Hello, my name isXXXXX and I have over 20 years of experience as a veterinarian.
I'm sorry to hear that your pup Alfie has had itching and hair loss along his backline. This sounds like a secondary skin infestion from him biting and chewing on himself because he is so itchy, allowing bacteria that normally live on the skin to get in the skin and thrive.
Getting him to stop licking, giving oral antibiotics and allowing the skin to heal helps, but of course if we don't treat the primary reason for his itch then it will return.
Allergies are the most common cause of itchy skin. I'll give you an allergy rundown of likely causes for skin troubles. He may have more than one allergy given how symptomatic he has been. Dogs that have one allergy often develop several with time. The effect of multiple allergies aren't additive, they actually compound one another.
Even if you don't see fleas I do recommend using protection. They are the most common allergen and the backline is the most commonly affected area. It only takes one bite a month to make an allergic dog scratch so I recommend using flea prevention even if you never see one again.

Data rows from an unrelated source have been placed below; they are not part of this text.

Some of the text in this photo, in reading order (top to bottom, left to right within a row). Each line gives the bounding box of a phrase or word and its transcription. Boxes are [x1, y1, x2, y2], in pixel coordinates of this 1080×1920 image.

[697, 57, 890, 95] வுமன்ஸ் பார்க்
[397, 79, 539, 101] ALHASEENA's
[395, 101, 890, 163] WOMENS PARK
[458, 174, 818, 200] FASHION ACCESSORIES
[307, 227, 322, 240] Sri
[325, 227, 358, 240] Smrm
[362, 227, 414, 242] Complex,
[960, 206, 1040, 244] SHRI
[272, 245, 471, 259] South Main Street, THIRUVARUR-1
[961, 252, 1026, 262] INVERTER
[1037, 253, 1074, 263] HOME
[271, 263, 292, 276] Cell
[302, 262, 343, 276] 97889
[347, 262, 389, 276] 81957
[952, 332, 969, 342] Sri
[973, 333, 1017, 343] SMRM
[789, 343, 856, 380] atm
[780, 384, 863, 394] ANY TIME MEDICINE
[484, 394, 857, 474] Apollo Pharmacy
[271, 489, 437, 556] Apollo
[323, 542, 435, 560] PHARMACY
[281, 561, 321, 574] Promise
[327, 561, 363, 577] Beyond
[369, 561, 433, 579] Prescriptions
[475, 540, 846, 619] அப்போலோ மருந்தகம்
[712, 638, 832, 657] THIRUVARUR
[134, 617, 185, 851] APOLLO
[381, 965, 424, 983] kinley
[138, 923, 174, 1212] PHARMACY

Frontline Plus , Advantage II or Advantix are excellent. Don't use over the counter products, especially Hartz or Sargents, as most are ineffective if not toxic.

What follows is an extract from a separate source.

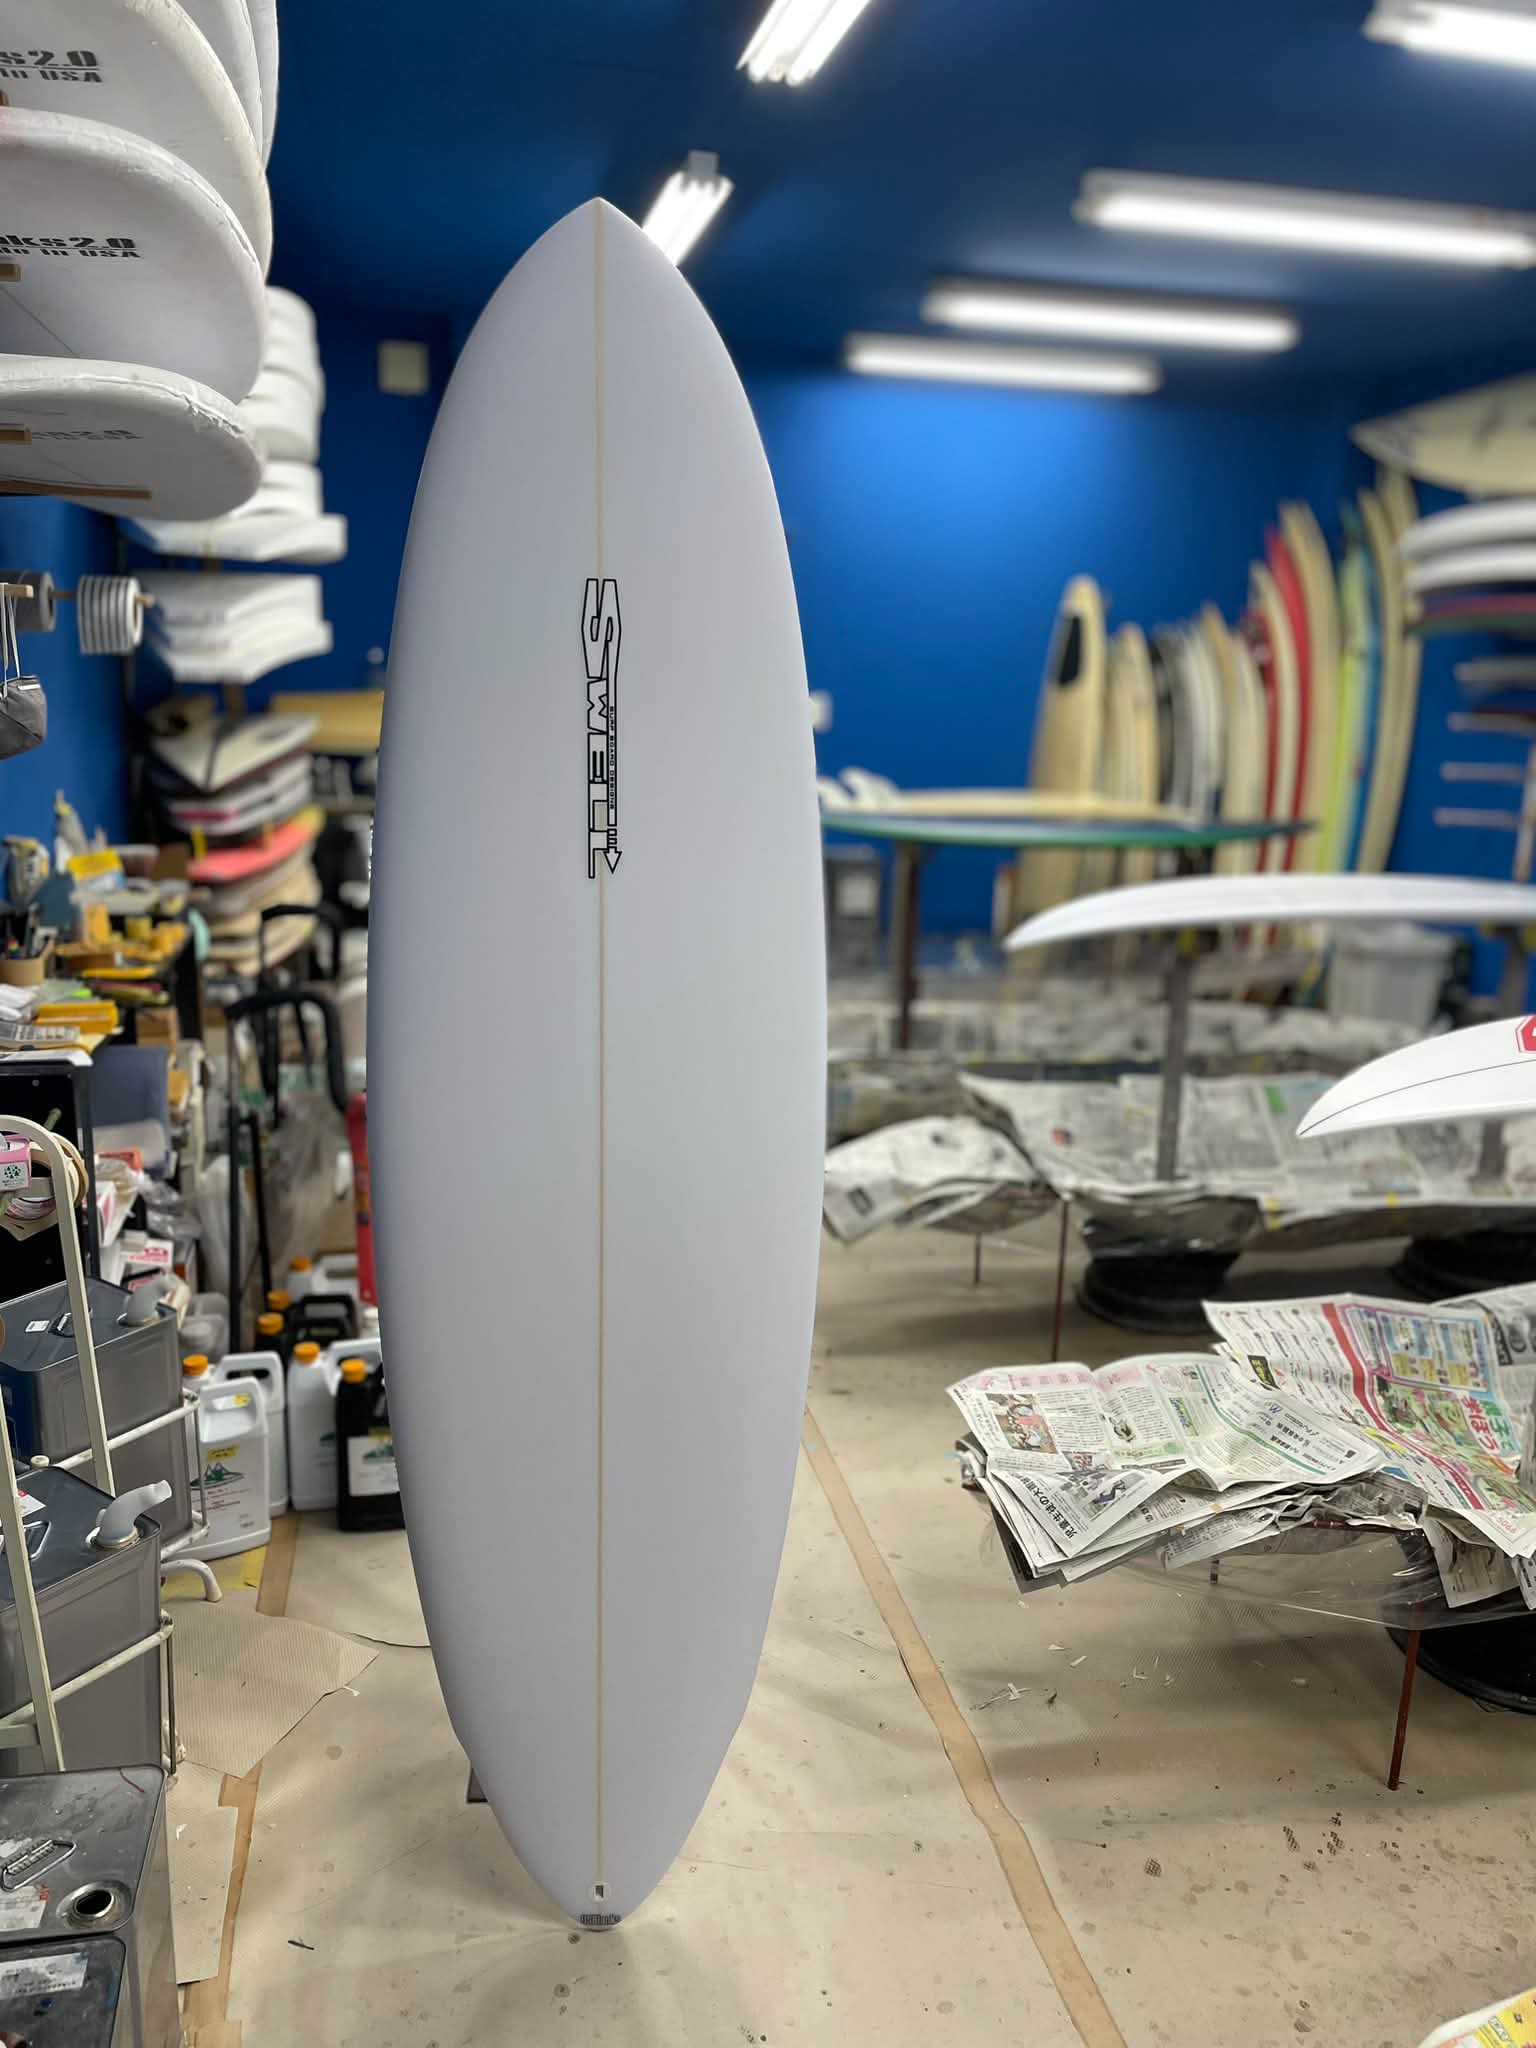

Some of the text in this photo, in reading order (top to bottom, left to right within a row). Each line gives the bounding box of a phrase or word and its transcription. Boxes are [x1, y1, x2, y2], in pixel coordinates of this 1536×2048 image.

[39, 70, 103, 83] USA
[79, 249, 141, 258] USA
[581, 578, 622, 879] SWELL

Other allergens can be inhaled (like grass pollen, dust mites or molds) and you can use a combination of antihistamines and high doses of omega-3 fatty acids to help control his reaction to those (they also help with the symptoms of flea allergy). In combination fatty acids and antihistamines work synergistically, much better than either one alone. If his symptoms worsen seasonally I would think that inhaled allergens are a part of his problem. Don't worry about keeping him on antihistamines too long, they are quite safe and can be used long term if need be. With seasonal allergies I have owners start antihistamines 2 weeks before the season and continue through the season. But some dogs need them year round.
You can try:
1) Benadryl (diphenhydramine only don't use the combination products with acetaminophen or decongestants as they can be toxic to dogs) at 0.5mg to 1mg per kilogram of body weight or one 25mg capsule per 12 kilos of body weight orally every 8 hours.
OR 2)Claritin (loratidine) at 5mg per 12 kilos once or twice daily.
OR 3)Hydroxyzine at 0.5mg per kilogram of body weight orally every 8 hours.
OR 4) Chlorpheniramine at 4mg to 8mg per dog once or twice daily.
Some dogs do better on one antihistamine rather than another.
Give the one you pick a 5 to 7 day trial and if it isn't working try another. Be aware that antihistamines can cause sleepiness or hyperactivity in some dogs. These side effects do wear off with repeated use.
Omega-3 fatty acids are fish oil products. 3V by DVM or Derm Caps ES are good brand name products. Use the high end of the dosing schedule for your pup's weight.
I recommend a dose based upon the EPA portion (eicosapentanoic acid) of the supplement as if we do that the rest of the supplement will be properly balanced. Give him 20mg to 40mg of EPA per kilo of body weight per day. For example an 8 kilo dog could take 160mg to 320mg of EPA per day.
In some cases the pups may need oral antibiotics too here and there if they itch enough to cause lesions.
Another option if the antihistamines and omega 3's aren't enough is a product called Atopica. It suppresses the immune system a bit so it decreases allergic symptoms but it doesn't have as many harmful side effects as systemic steroids. Another option is a brand new drug called Apoquel (generic name oclacitinib) which interferes with the allergic pathway. It works very quickly to stop the symptoms of an allergy. Most dogs are reported to be much more comfortable in a day or so. If you are interested discuss these medications with your veterinarian as they are prescription products.
Please let me know if you have any further questions.